Gestern wurden auf dem Campus der Universität von Blacksburg, Va. mehr als 30 Menschen von einem Amokläufer erschossen. Das ist unglaublich schrecklich, eine sehr, sehr traurige Geschichte. Viele Menschen rund um die ganze Welt sind entsetzt und sprachlos – und es wäre wirklich wünschenswert, wenn auch die Journalisten angedenk eines solchen Ereignisses einfach mal sprachlos wären und die Schnauze hielten. Die New York Times dokumentiert sehr eindrucksvoll, wie die Fernsehreporter auf dem Campus einfielen, und wie Augenzeugen per Handykamera und Internet die Nachrichtenstation mit Bildern aus der Schusslinie versorgten. Der Artikel schließt mit einem Zitat, das zynisch zu nennen ich mich nicht scheue:

“Stay out of harm’s way,” the CNN anchor Don Lemon said, addressing students at Virginia Tech. “But send us your pictures and video.”

Aber auch die deutschen Medien schalteten sofort auf Turbo und schritten beherzt und enthirnt zur Tat.
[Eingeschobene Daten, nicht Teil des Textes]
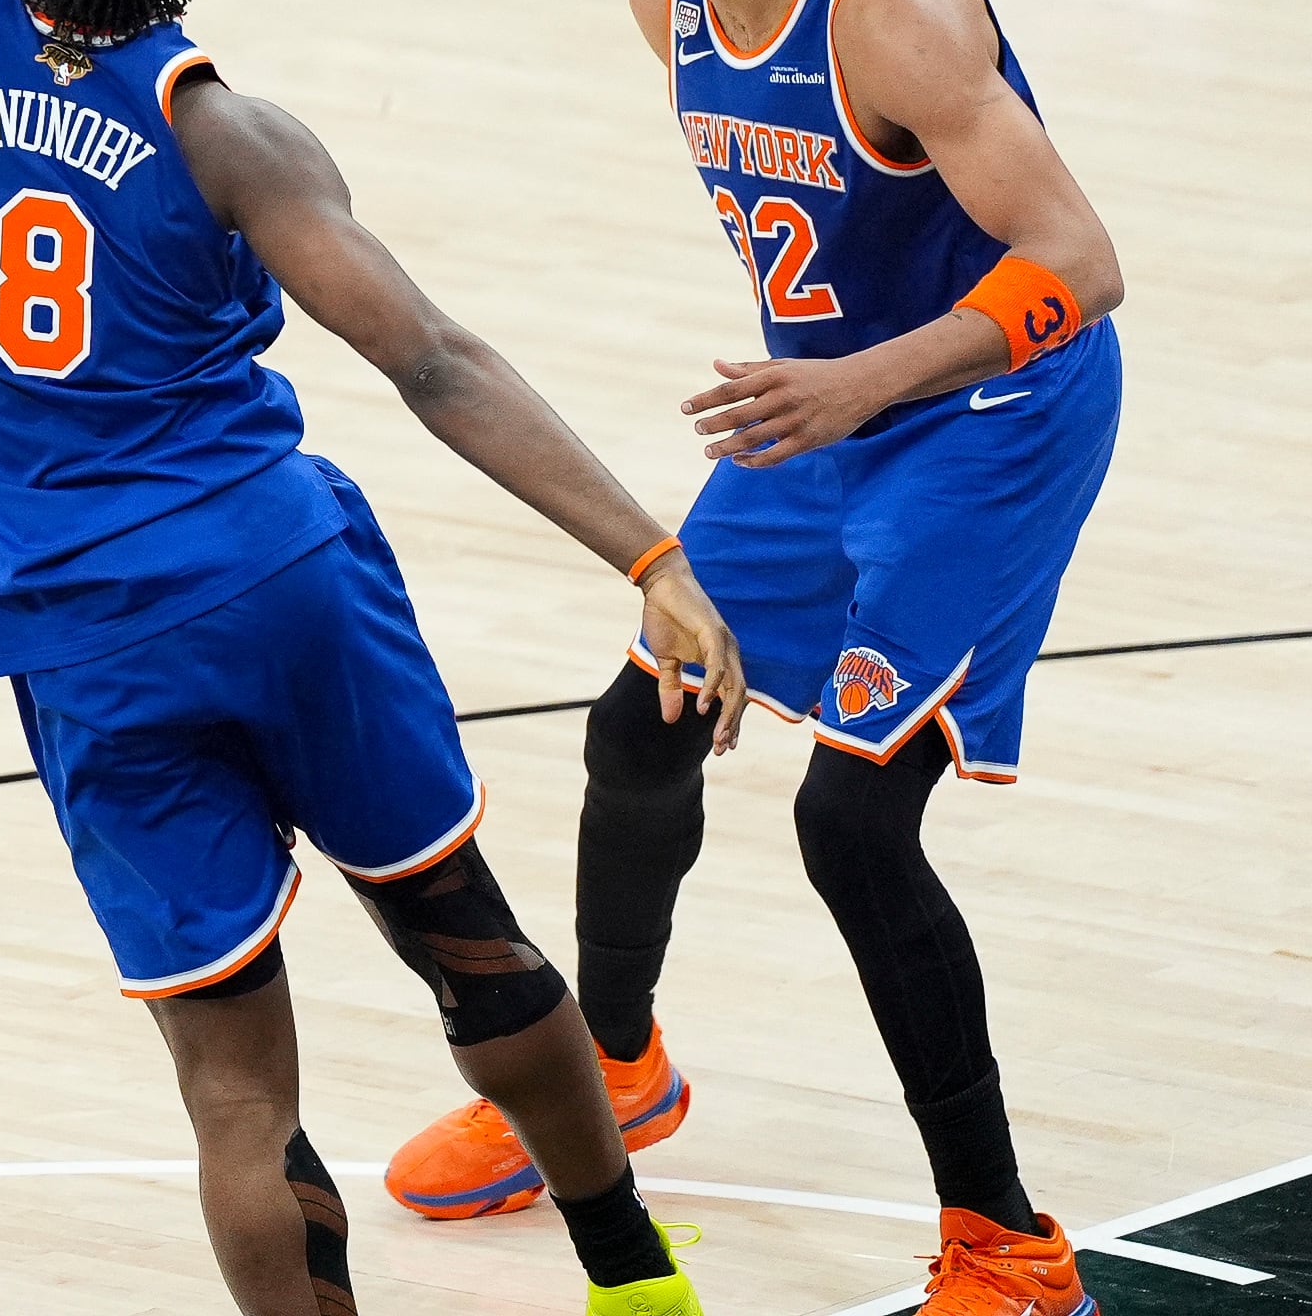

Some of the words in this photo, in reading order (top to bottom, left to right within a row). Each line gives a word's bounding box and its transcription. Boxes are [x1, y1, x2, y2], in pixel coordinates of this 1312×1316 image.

[769, 72, 790, 84] abu
[791, 72, 825, 85] dhabi
[681, 111, 733, 172] NEW
[731, 117, 847, 193] YORK
[712, 185, 844, 323] 32
[836, 651, 894, 703] KNICKS
Dabei war die “Bild”-Schlagzeile, die etwas vom “größten Blutbad aller Zeiten” faselte, sogar noch das kleinste Übel. Je nachdem, wie man den Begriff “Blutbad” definiert und wie man den Superlativ räumlich einschränken will, stimmt die Behauptung sogar: in den USA hat es nie einen Amoklauf mit mehr Todesopfern gegeben.
In fast jeder Zeitungs- oder Fernsehredaktion musste sich ein Mitarbeiter daran machen, eine Chronik der schlimmsten Amokläufer zu erstellen. Auch das kann man kritisch sehen, aber es kann ja auch ganz hilfreich sein, sich noch mal ein paar Fakten ins Gedächtnis zu rufen.
Da schon während des Amoklaufs reichlich von Studenten der Virginia Tech über die Ereignisse gebloggt wurde, kann man sich nun an die Web-Auslese machen. Das ist sogar aus medientheoretischer Sicht hochinteressant, da es bisher kaum vergleichbare Ereignisse gibt, die derart medial abgedeckt sind.
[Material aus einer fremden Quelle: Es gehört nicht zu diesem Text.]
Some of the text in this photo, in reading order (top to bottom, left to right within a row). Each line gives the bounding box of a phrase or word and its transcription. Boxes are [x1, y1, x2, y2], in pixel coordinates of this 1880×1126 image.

Was Spiegel Online sich dann aber noch leistet, ist entweder als Beschäftigungstherapie für Praktikanten oder als endgültige Gleichsetzung von SpOn mit “Bild” anzusehen:

Die Amokläufe von Littleton, Erfurt und Blacksburg haben nicht nur das Leid und den Schrecken gemeinsam, den wenige über viele gebracht haben. Sie teilen auch den Monat, in dem die Schreckenstaten verübt wurden.
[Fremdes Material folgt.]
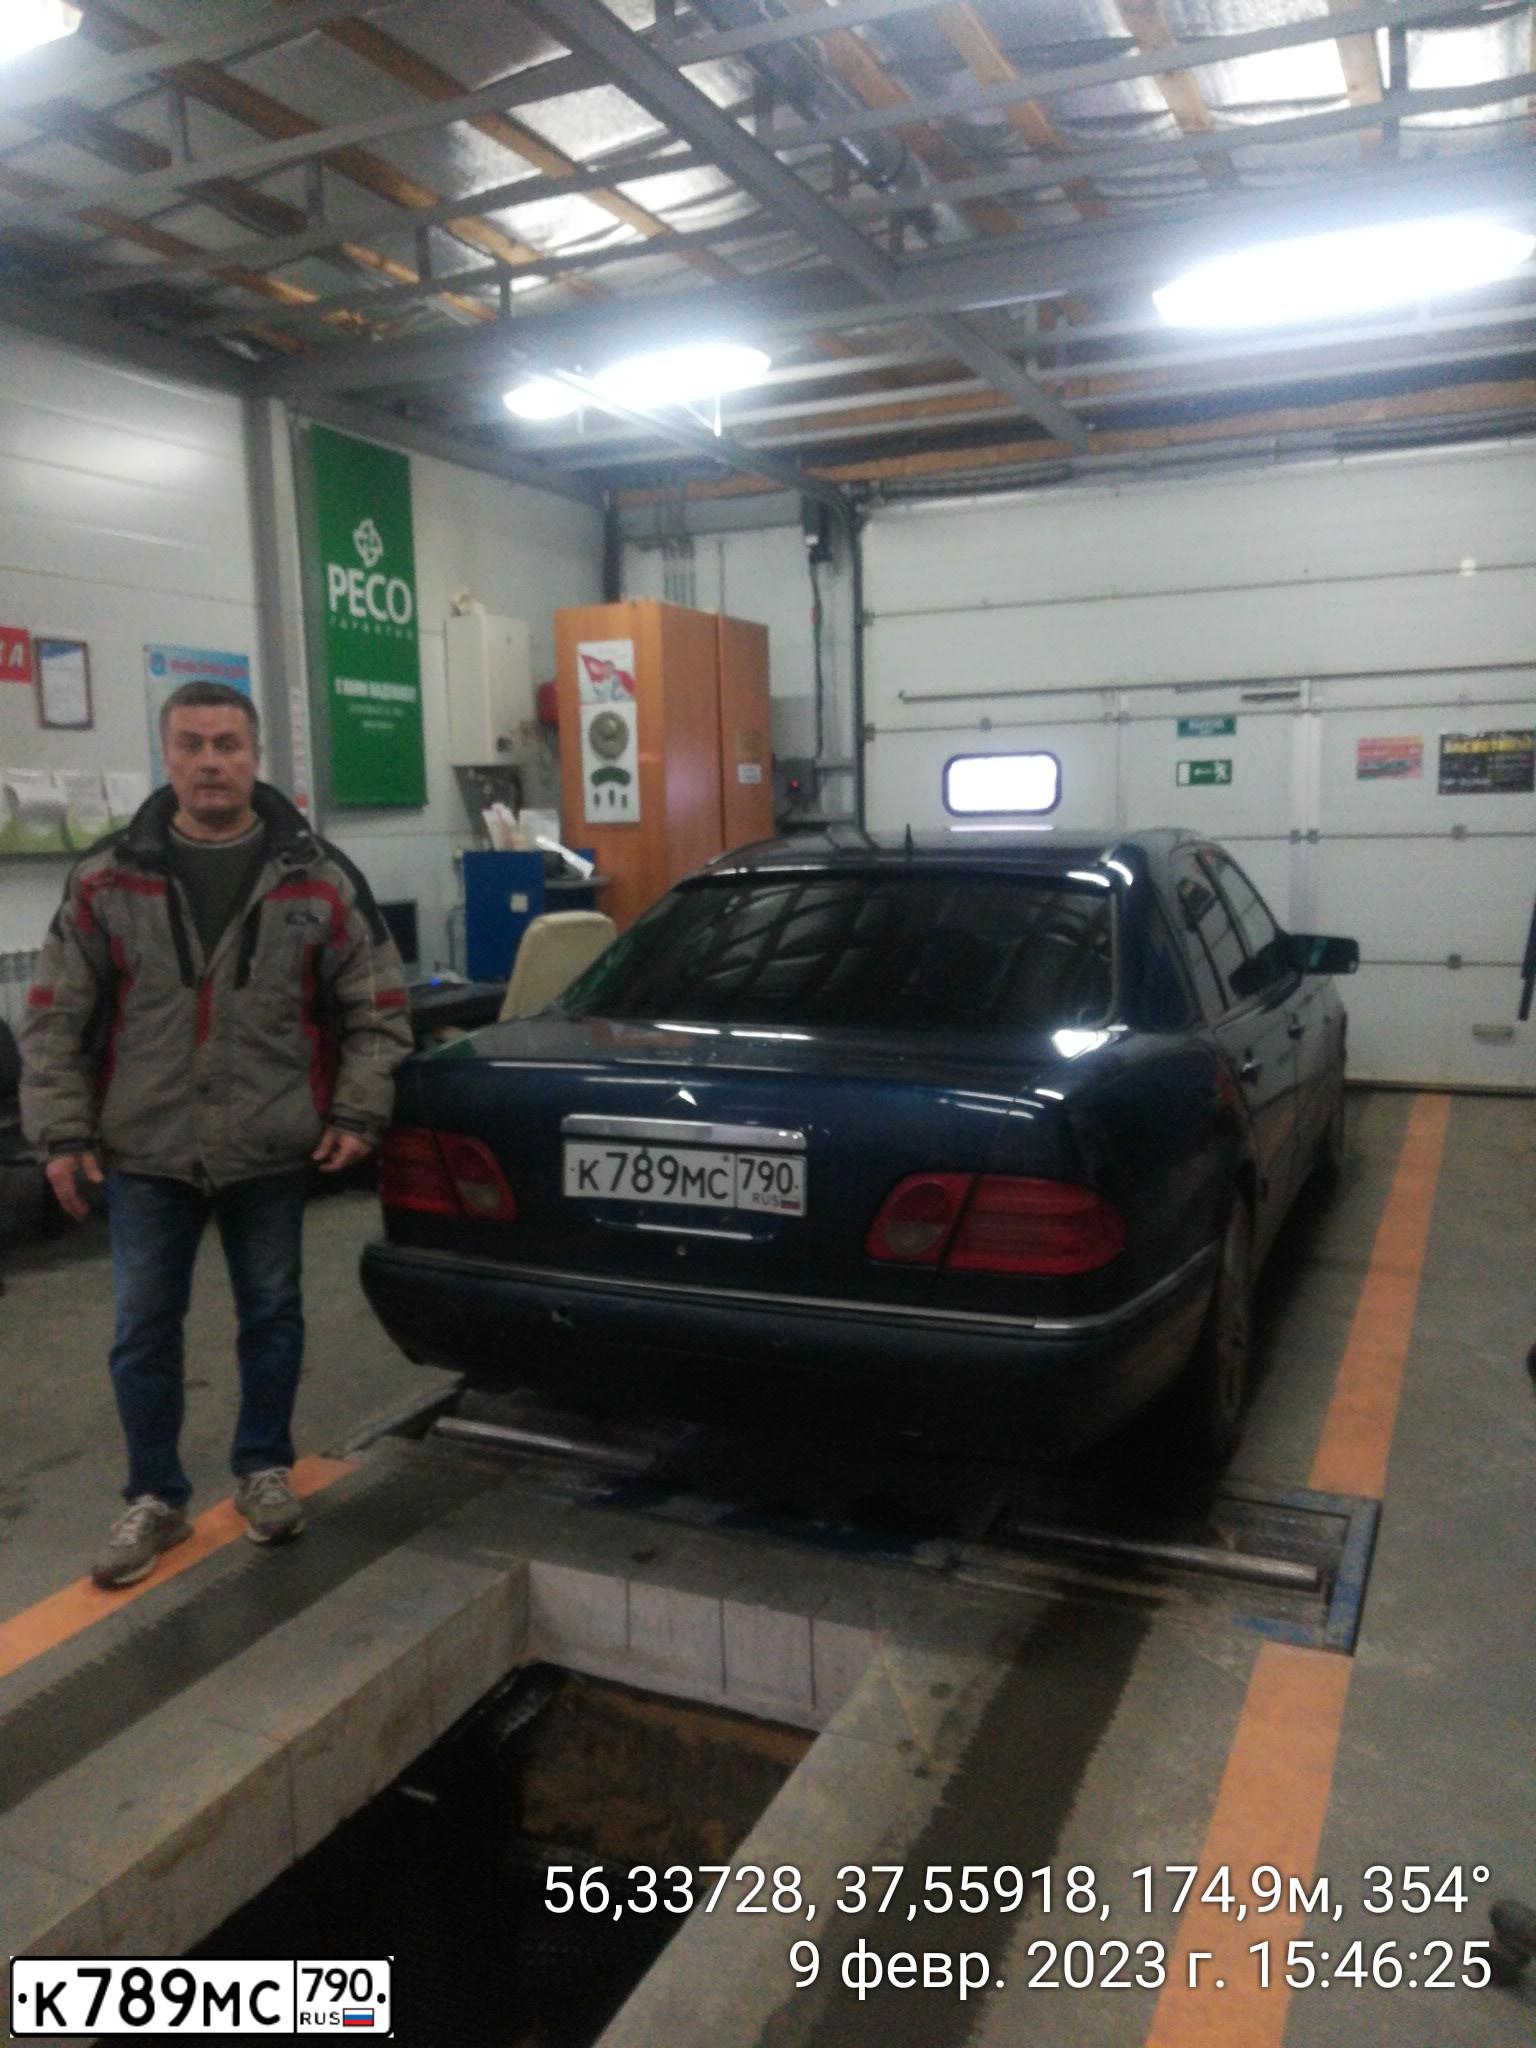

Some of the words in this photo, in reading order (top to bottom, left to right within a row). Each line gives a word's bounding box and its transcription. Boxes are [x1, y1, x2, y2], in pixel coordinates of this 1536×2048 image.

[327, 563, 412, 625] РЕСО
[578, 1151, 729, 1200] К789МС
[738, 1157, 794, 1195] 790
[752, 1192, 780, 1207] RUS
Und in deed: das einzige, was dem Artikel noch fehlt, sind die Quersummen der Tage, an denen die Amokläufe stattfanden (34, 16, 20). Über den gestrigen Täter schreibt jdl:

Waren Klebold und Harris auch seine Vorbilder? Kannte er die Wahnsinnstat des Robert Steinhäuser? War das Datum bewusst gewählt? Schon die Fragen sind beängstigend. Wie werden erst die Antworten sein?

Beängstigend, fürwahr. Denn die “Bild”-gleiche Überschrift

Monat der Massaker: Blutiger April

bezieht sich ja gar nicht auf eine mögliche Nachahmungstat (die man im Moment ebenso wenig ausschließen wie bestätigen kann), sondern auf einen verdammten Monat. Ein Blick in die SpOn-eigene Chronik hätte gezeigt, dass von den 18 dort aufgeführten Amokläufen 15 in Nicht-April-Monaten stattfanden – dafür vier im März (!!!!1). Vielleicht liegt es ja an den Sternen

Nachtrag, 19:17 Uhr: Stefan Niggemeier schreibt dazu:

Im weltweiten Rennen um den dümmsten Bericht zum Amoklauf in Blacksburg liegt Spiegel Online mit diesem Artikel fast uneinholbar in Führung

Warten wir’s ab …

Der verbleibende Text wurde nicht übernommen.